(Stored entries)
━━━━━━━━━━
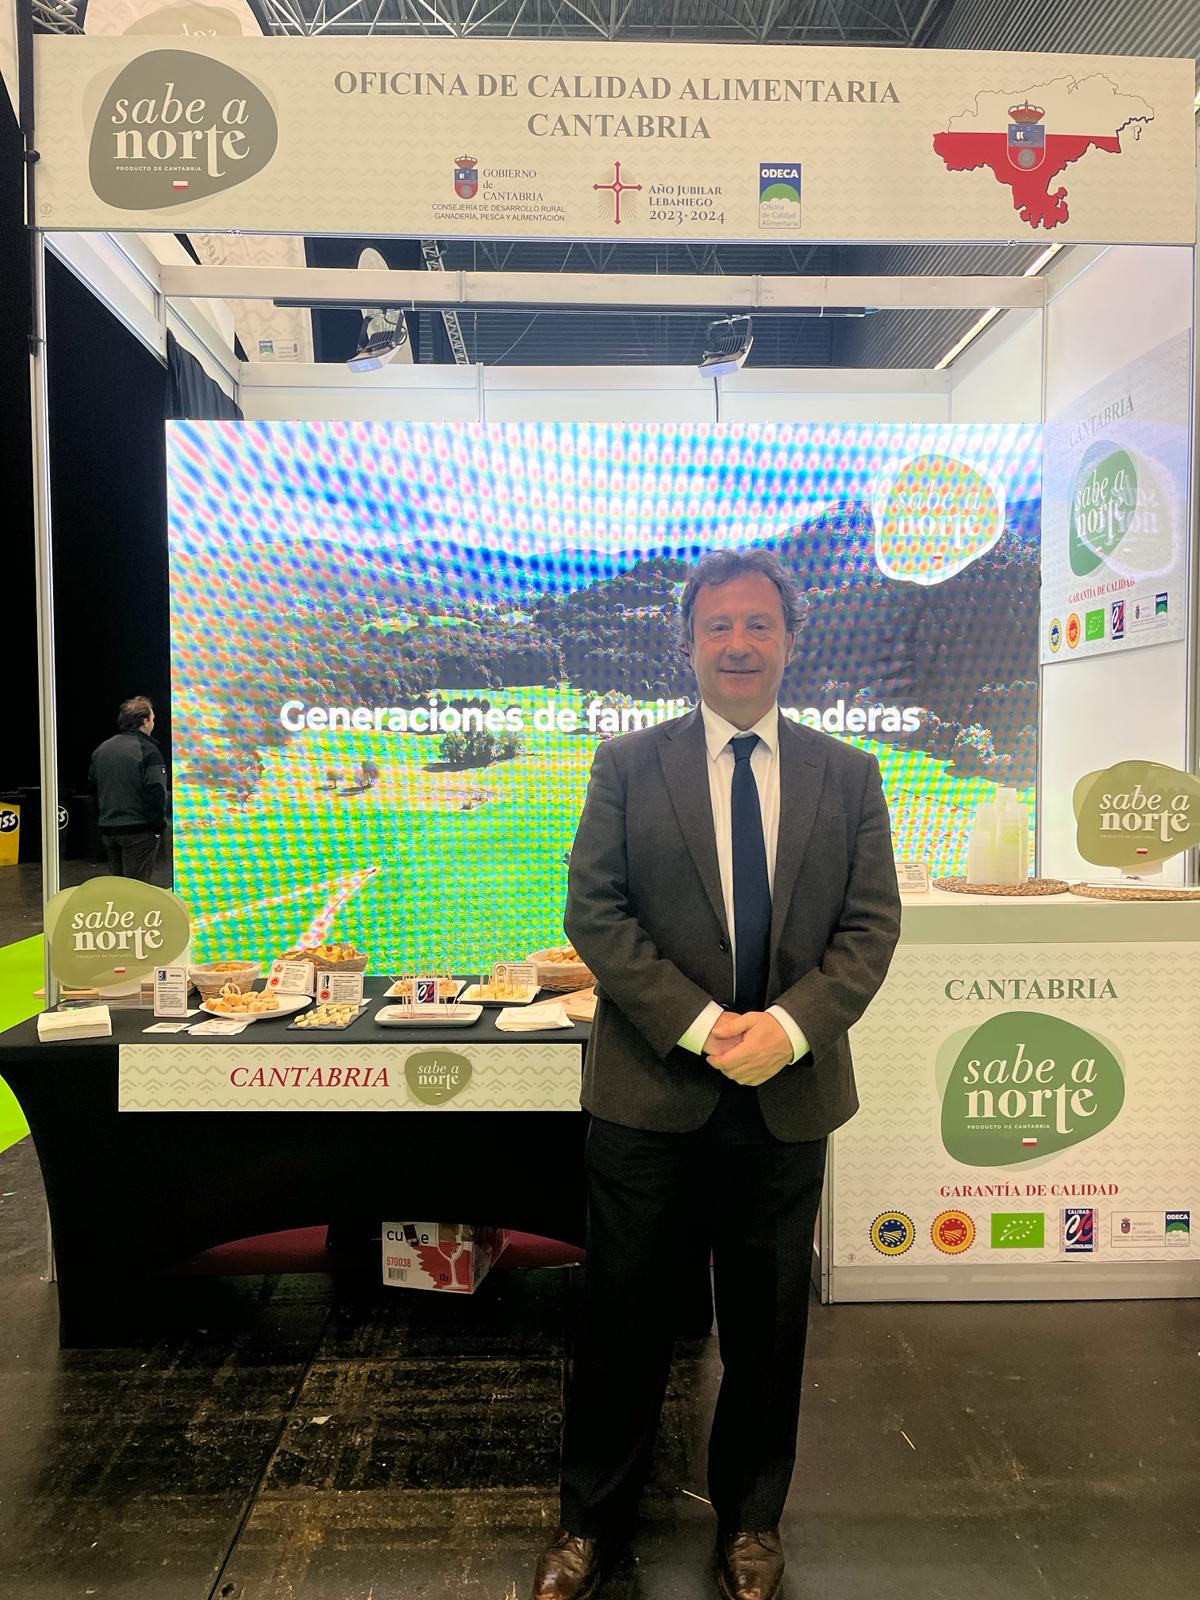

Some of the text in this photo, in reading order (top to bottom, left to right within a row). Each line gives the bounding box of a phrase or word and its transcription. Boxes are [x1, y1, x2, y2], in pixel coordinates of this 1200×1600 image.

[334, 70, 900, 104] OFICINA DE CALIDAD ALIMENTARIA
[111, 82, 249, 125] sabe a
[527, 113, 712, 139] CANTABRIA
[112, 123, 250, 178] norte
[482, 168, 537, 179] GOBIERNO
[482, 180, 493, 189] de
[761, 168, 800, 179] ODECA
[483, 191, 544, 201] CANTABRIA
[648, 183, 722, 196] AÑO JUBILAR
[649, 196, 713, 207] LEBANIEGO
[431, 203, 477, 211] CONSEJERÍA
[479, 204, 489, 212] DE
[490, 204, 540, 213] DESARROLLO
[480, 213, 505, 221] PESCA
[506, 213, 511, 221] Y
[511, 213, 565, 222] ALIMENTACIÓN
[1067, 394, 1135, 448] CANTABRIA
[895, 479, 955, 510] sabe
[896, 510, 980, 550] norte
[279, 698, 921, 733] Generaciones de famili naderas
[1099, 784, 1190, 811] sabe a
[1099, 809, 1190, 842] norte
[71, 901, 163, 930] sabe a
[72, 926, 164, 960] norte
[944, 978, 1119, 1001] CANTABRIA
[417, 1060, 460, 1075] sabe a
[963, 1043, 1098, 1084] sabe a
[229, 1066, 390, 1088] CANTABRIA
[418, 1073, 461, 1090] norte
[964, 1082, 1098, 1135] norte
[939, 1181, 1120, 1198] GARANTÍA DE CALIDAD
[386, 1229, 430, 1245] cue
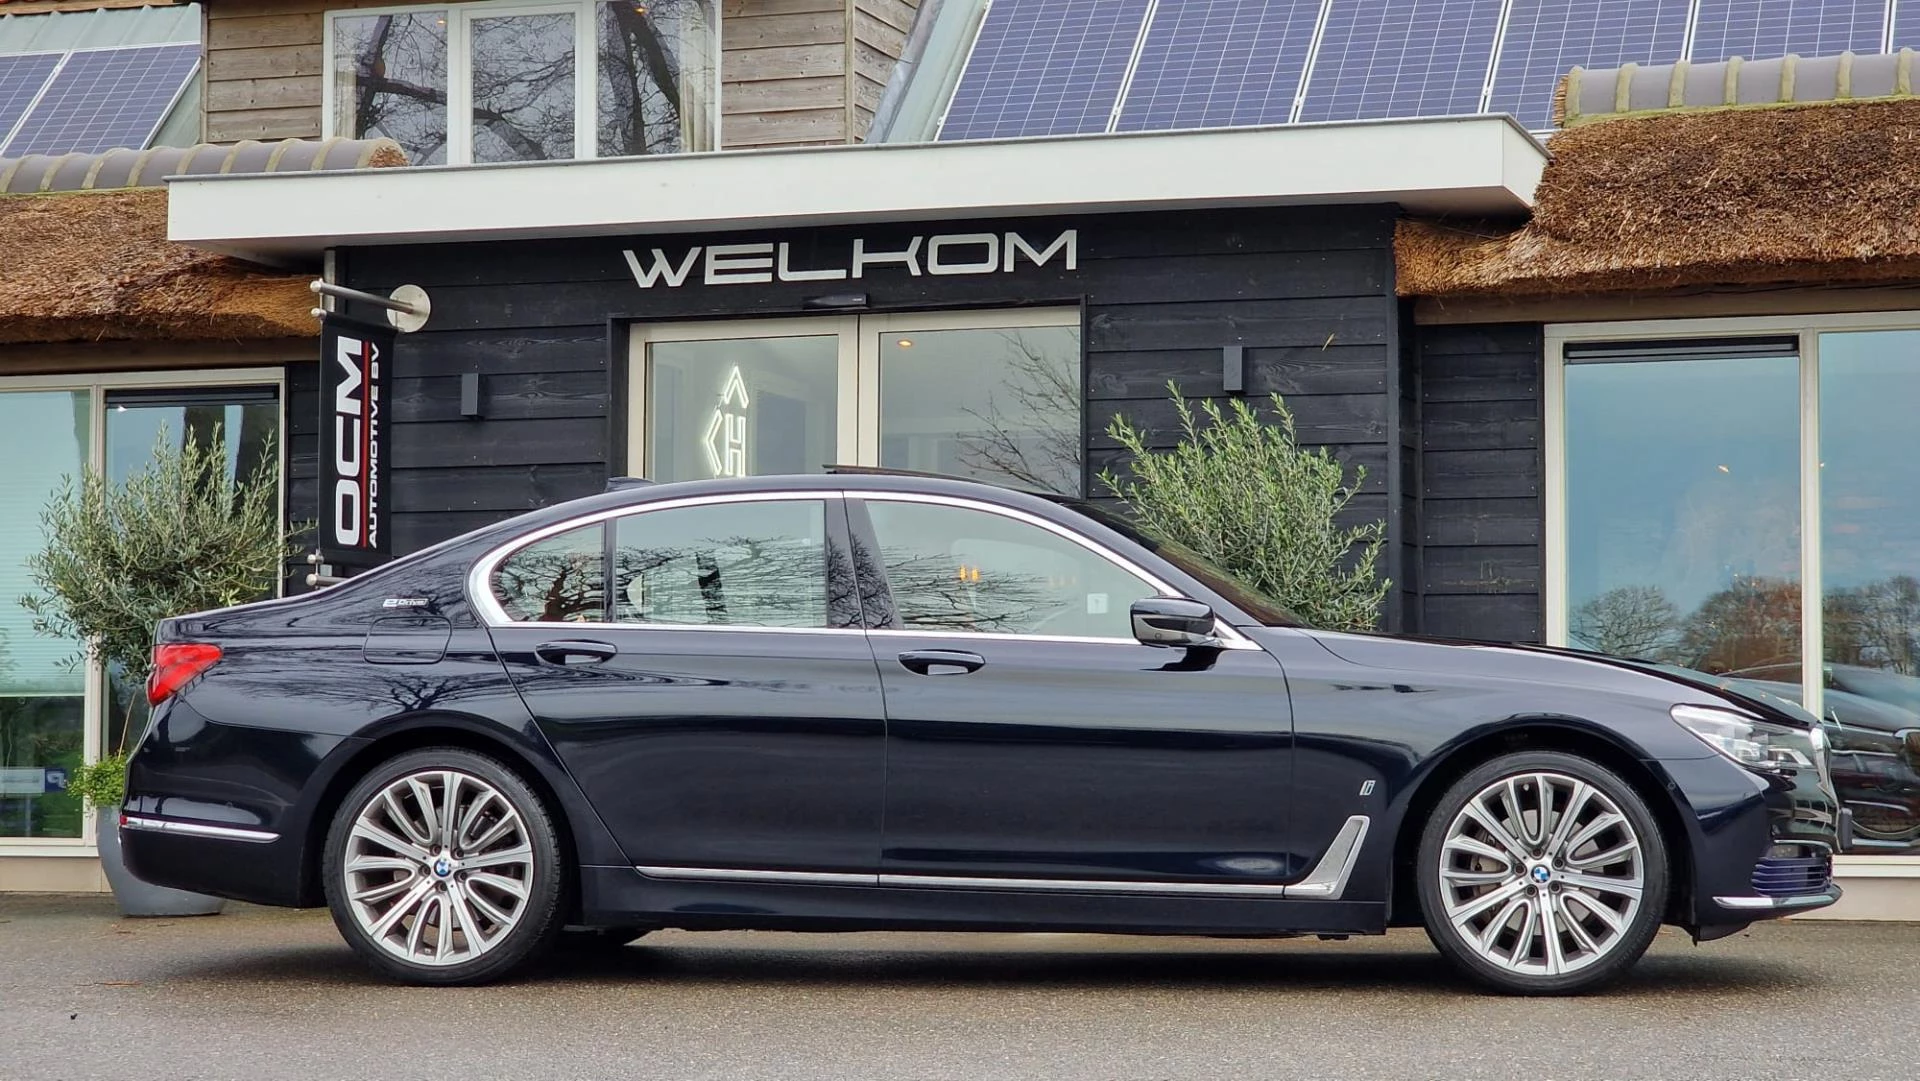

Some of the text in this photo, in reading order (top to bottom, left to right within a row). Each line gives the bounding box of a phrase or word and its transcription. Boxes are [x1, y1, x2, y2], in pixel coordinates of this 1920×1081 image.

[623, 230, 1077, 288] WELKOM
[335, 336, 362, 545] OCM
[368, 342, 380, 549] AUTOMOTIVE BV
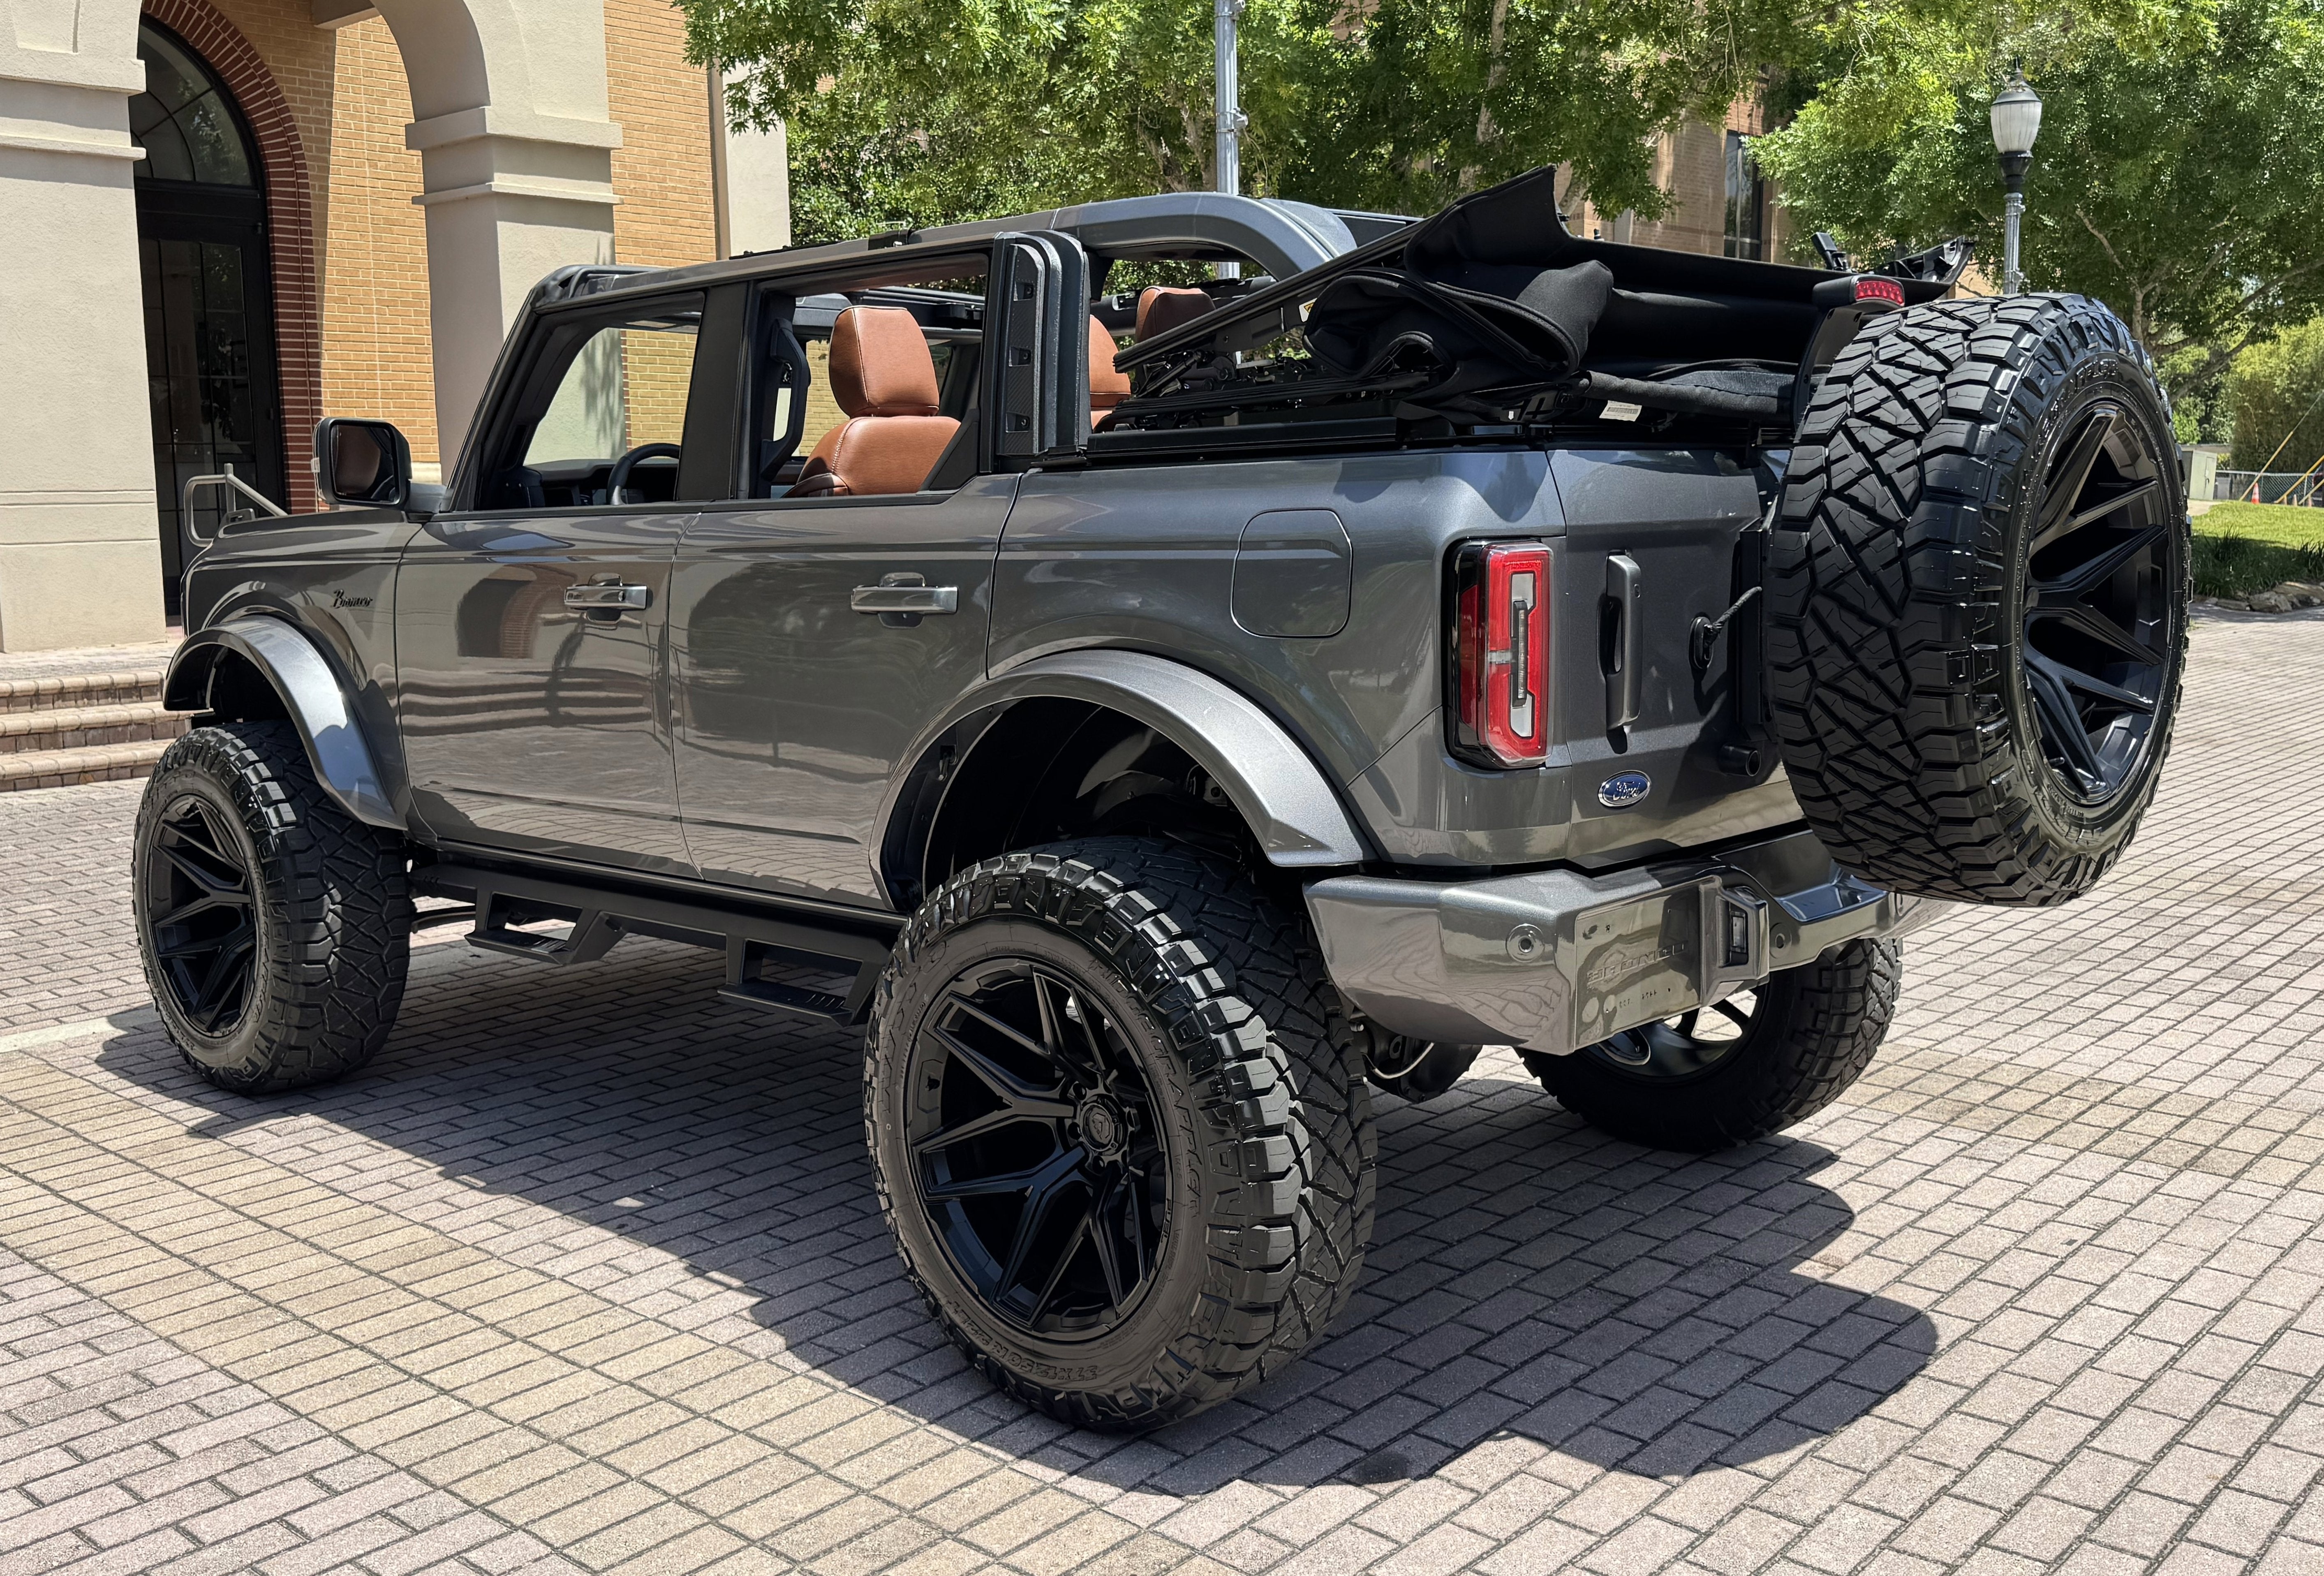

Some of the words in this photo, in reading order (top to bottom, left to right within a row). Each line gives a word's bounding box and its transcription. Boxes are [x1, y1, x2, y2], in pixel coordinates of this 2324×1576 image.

[333, 589, 373, 609] Bronco
[1613, 780, 1640, 801] Ford
[1587, 942, 1686, 985] BRONCO
[1088, 958, 1155, 1032] RIDGE
[1151, 1035, 1202, 1218] GRAPPLER
[1161, 1198, 1172, 1244] FUEL
━━━━━━━━━━
EXERCISE GOAL: In the copy, each entry above must match exactly, and no picture may be carried over.

TASK OUTPUT:
Some of the text in this photo, in reading order (top to bottom, left to right within a row). Each line gives the bounding box of a phrase or word and its transcription. Boxes are [x1, y1, x2, y2], in pixel coordinates of this 1200×1600 image.

[334, 70, 900, 104] OFICINA DE CALIDAD ALIMENTARIA
[111, 82, 249, 125] sabe a
[527, 113, 712, 139] CANTABRIA
[112, 123, 250, 178] norte
[482, 168, 537, 179] GOBIERNO
[482, 180, 493, 189] de
[761, 168, 800, 179] ODECA
[483, 191, 544, 201] CANTABRIA
[648, 183, 722, 196] AÑO JUBILAR
[649, 196, 713, 207] LEBANIEGO
[431, 203, 477, 211] CONSEJERÍA
[479, 204, 489, 212] DE
[490, 204, 540, 213] DESARROLLO
[480, 213, 505, 221] PESCA
[506, 213, 511, 221] Y
[511, 213, 565, 222] ALIMENTACIÓN
[1067, 394, 1135, 448] CANTABRIA
[895, 479, 955, 510] sabe
[896, 510, 980, 550] norte
[279, 698, 921, 733] Generaciones de famili naderas
[1099, 784, 1190, 811] sabe a
[1099, 809, 1190, 842] norte
[71, 901, 163, 930] sabe a
[72, 926, 164, 960] norte
[944, 978, 1119, 1001] CANTABRIA
[417, 1060, 460, 1075] sabe a
[963, 1043, 1098, 1084] sabe a
[229, 1066, 390, 1088] CANTABRIA
[418, 1073, 461, 1090] norte
[964, 1082, 1098, 1135] norte
[939, 1181, 1120, 1198] GARANTÍA DE CALIDAD
[386, 1229, 430, 1245] cue

Some of the text in this photo, in reading order (top to bottom, left to right within a row). Each line gives the bounding box of a phrase or word and its transcription. Boxes are [x1, y1, x2, y2], in pixel coordinates of this 1920×1081 image.

[623, 230, 1077, 288] WELKOM
[335, 336, 362, 545] OCM
[368, 342, 380, 549] AUTOMOTIVE BV

Some of the words in this photo, in reading order (top to bottom, left to right within a row). Each line gives a word's bounding box and its transcription. Boxes are [x1, y1, x2, y2], in pixel coordinates of this 2324×1576 image.

[333, 589, 373, 609] Bronco
[1613, 780, 1640, 801] Ford
[1587, 942, 1686, 985] BRONCO
[1088, 958, 1155, 1032] RIDGE
[1151, 1035, 1202, 1218] GRAPPLER
[1161, 1198, 1172, 1244] FUEL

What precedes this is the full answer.